Time to Panic? What Happens to The Real Estate Market if There is no Housing Inventory?

The Real Estate Market if There is no Housing Inventory

While real estate brokerages are patting themselves and their agents on the back for record 2021 numbers of sales and closings, buyers and their Realtors are quietly getting worried that 2022 is going to be quite a challenge. Is that the sound of panic? Not yet, but it sure sounds like something.

Recently the Greater Fort Worth Association of Realtors released the monthly statistics provided by the Texas Real Estate Research Center for December 2021. Depending on who you are, they weren’t good.

This isn’t new news. Our Tarrant County Tuesday column has predicted, prognosticated, and preached about the lack of housing inventory in Tarrant County and the greater Dallas-Fort Worth Metroplex for a while. Since March 2020 (when COVID closed its grip on the United States) the number of homes available for sale has declined, declined, and declined.

0.7 months of inventory isn’t good for buyers

The report from GFWAR states there is currently just seven-tenths of a month supply of housing in Fort Worth and Tarrant County. That means there are only enough homes available to fulfill seven-tenths of a month of sales.

A balanced real estate market was previously thought to be six months of inventory. My Boerne High School math education might not win me any contests, but I certainly know that seven-tenths of a month is way less than six months.

So, it’s a big deal. We’ve heard about low inventory for nearly two years. We’ve discussed the supply chain issues for new home construction and delays that builders are facing in fulfilling their orders and obligations. We’ve heard over and over and over how prices are increasing and how it’s a seller’s market.

Why is there the sound of panic from Realtors and buyers all of a sudden? What’s different than before? Reality is setting in at all price ranges.

Sale, But No Sale

Recently I have heard multiple stories from Realtors from brokerages across Tarrant County regarding sellers who put their homes on the market then pull them off the market — although they are getting exactly what they’re asking for … or more!

This home was pulled off the market 24 hours of going active … even with offers!

A home in a prestigious gated neighborhood of Fort Worth was recently put on the market for a very hefty price (basically, more than the house should appraise for). An over-asking-price offer was made by a cash buyer immediately, but the seller decided to take the home off the market because they had no plan for moving so quickly. This all happened in less than 24 hours.

This type of scenario is happening over and over and over again these days in all price ranges. Sellers are excited to get a high price for their homes, but unless they have a plan and place to go next, they aren’t willing to move forward.

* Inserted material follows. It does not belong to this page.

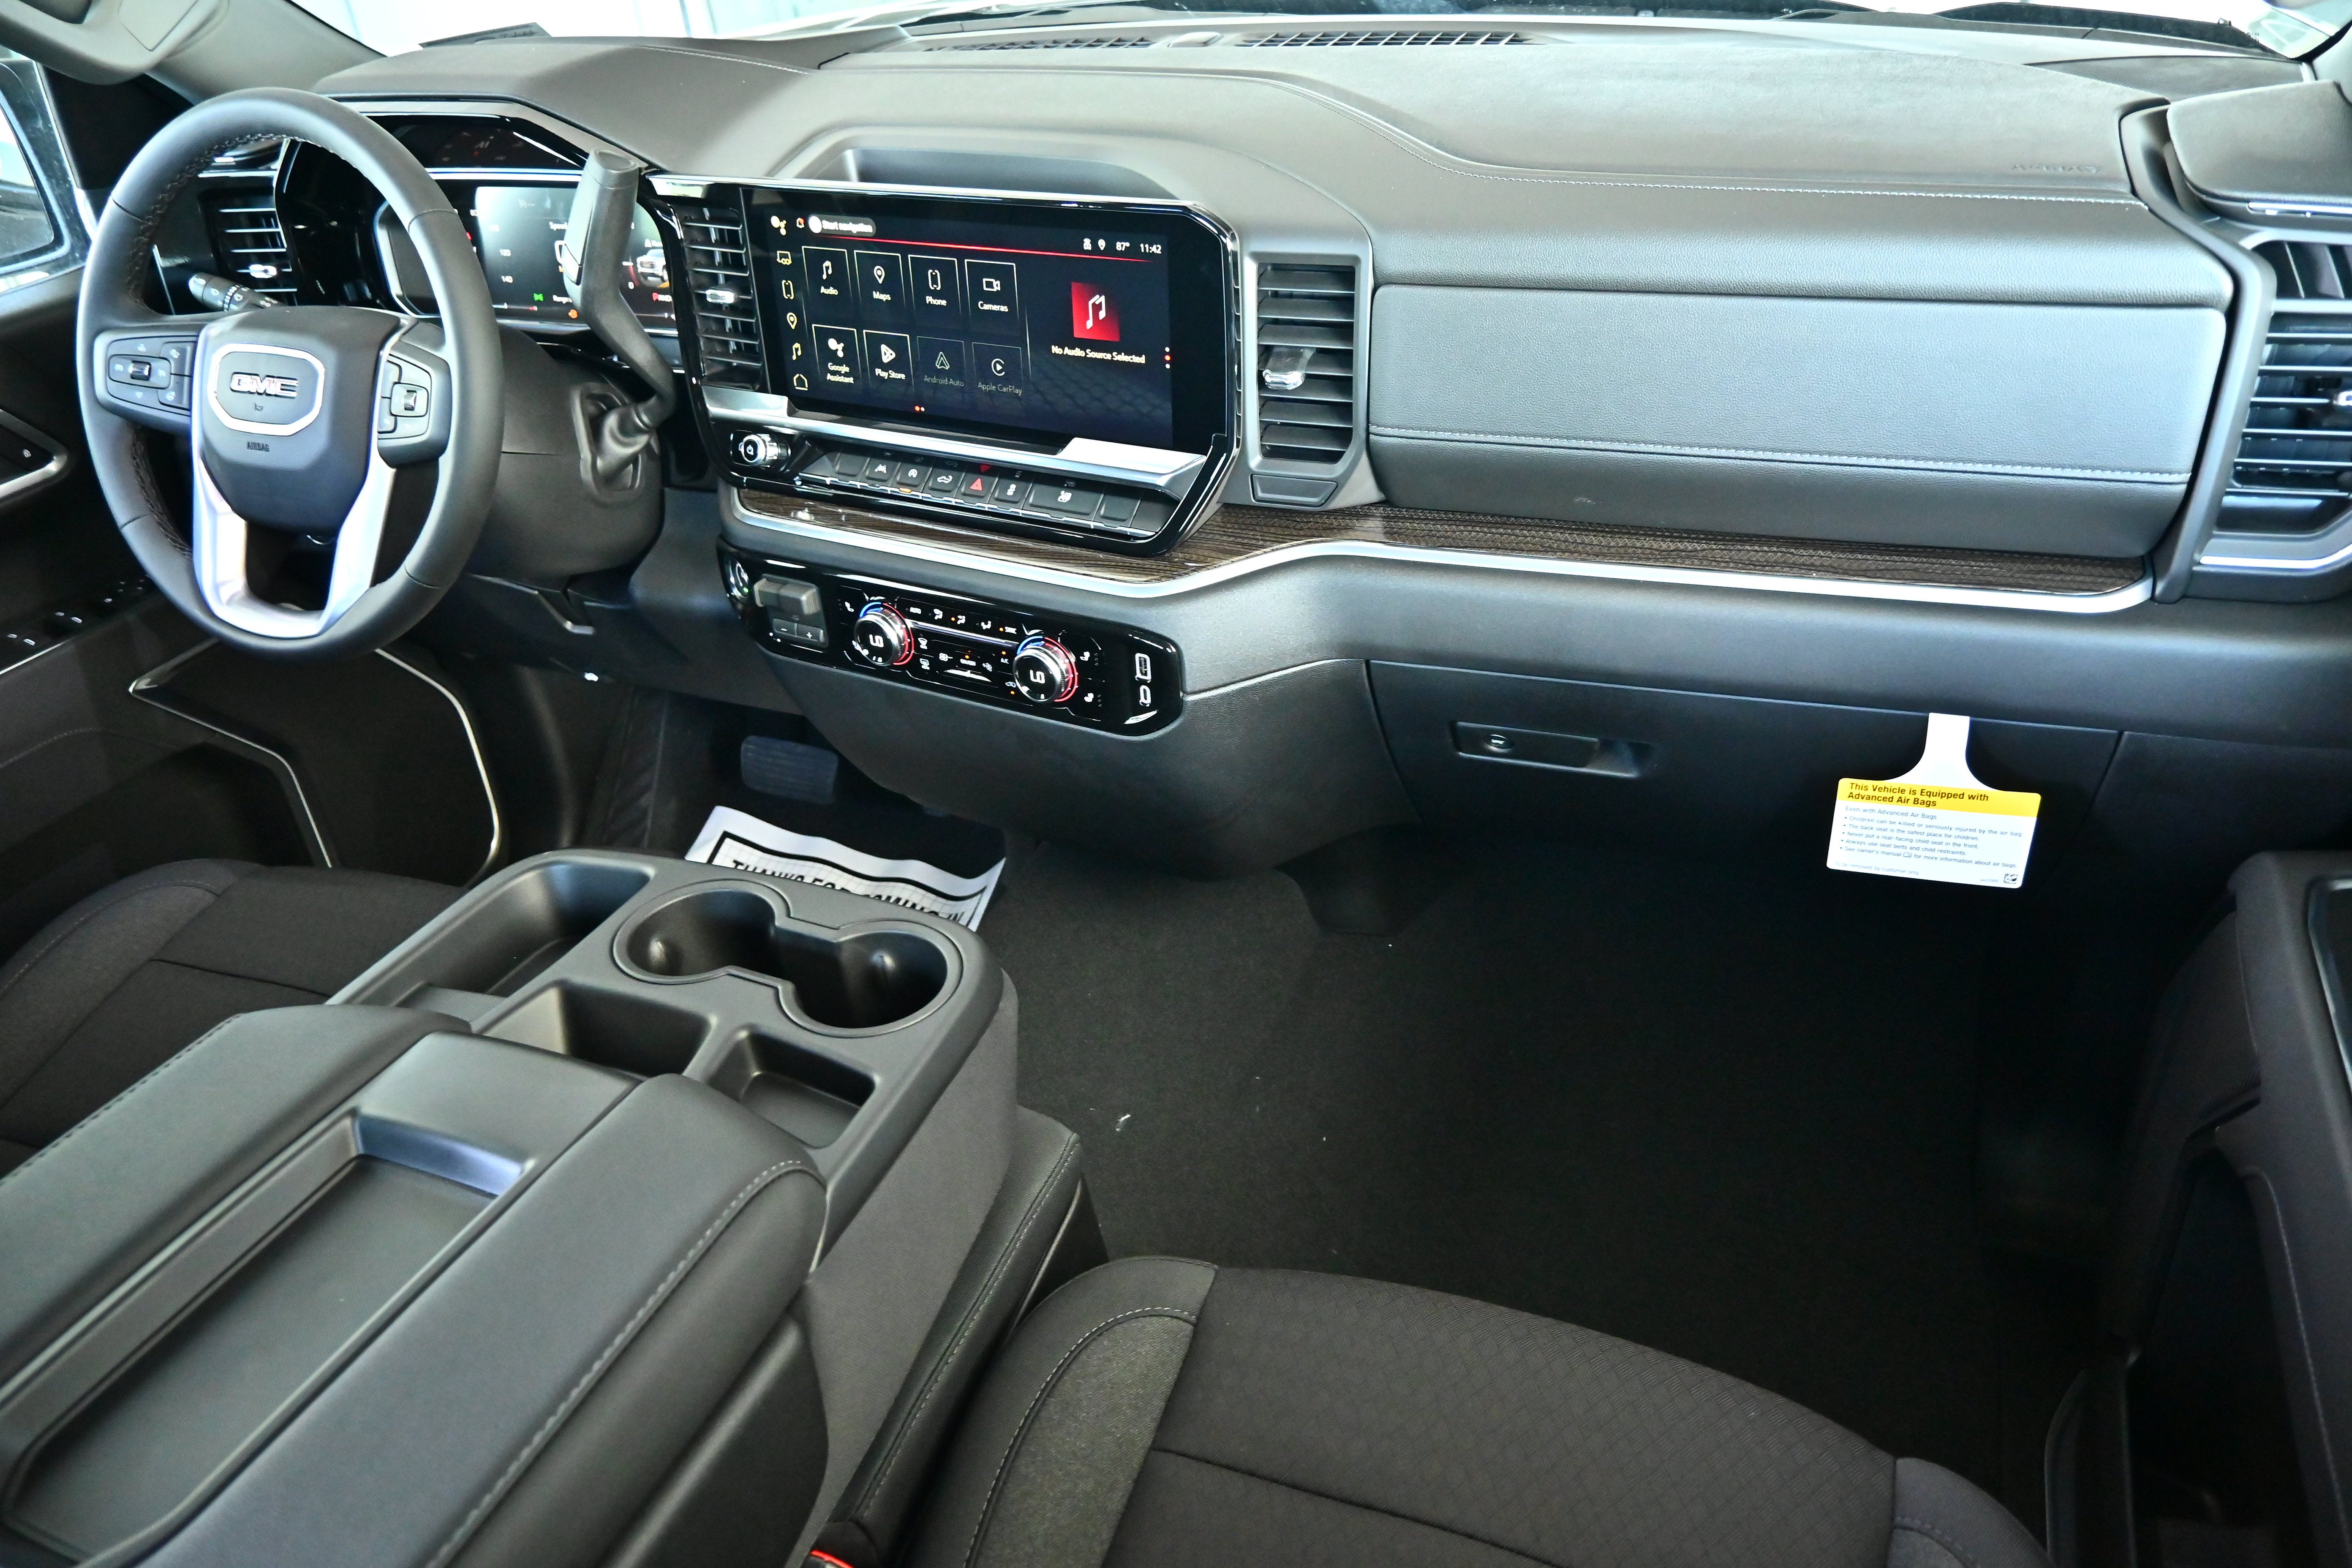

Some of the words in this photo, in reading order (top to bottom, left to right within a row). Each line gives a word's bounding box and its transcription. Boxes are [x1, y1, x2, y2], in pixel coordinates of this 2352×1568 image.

If sellers don’t sell then buyers can’t buy. While that seems pretty obvious, we have not experienced this kind of gridlock in the housing market ever.

If there are no homes to buy and rental rates are astronomical, we have a problem.

Truly, 2021 was a great year for many Realtors and real estate brokerages. Records were set and bottles of champagne were uncorked, but those same Realtors and brokerages are starting to feel the pinch of the now and the what is to come.

There is no magic wand or potion to make this issue go away. It’s not COVID or weather or the month of the year. If people don’t start selling their homes, this could be the most bizarre and challenging year in real estate since the Recession. Is it possible to have a reverse recession? Where there is plenty of money in play and plenty of players (buyers) but not enough sellers?

Yep. If someone tells you this real estate market is fantastic, they are lying to you. There isn’t a buyer or Realtor or broker manager or lender or title company or anyone involved in the home sales business that isn’t quietly beginning to make a noise that sounds a lot like panic.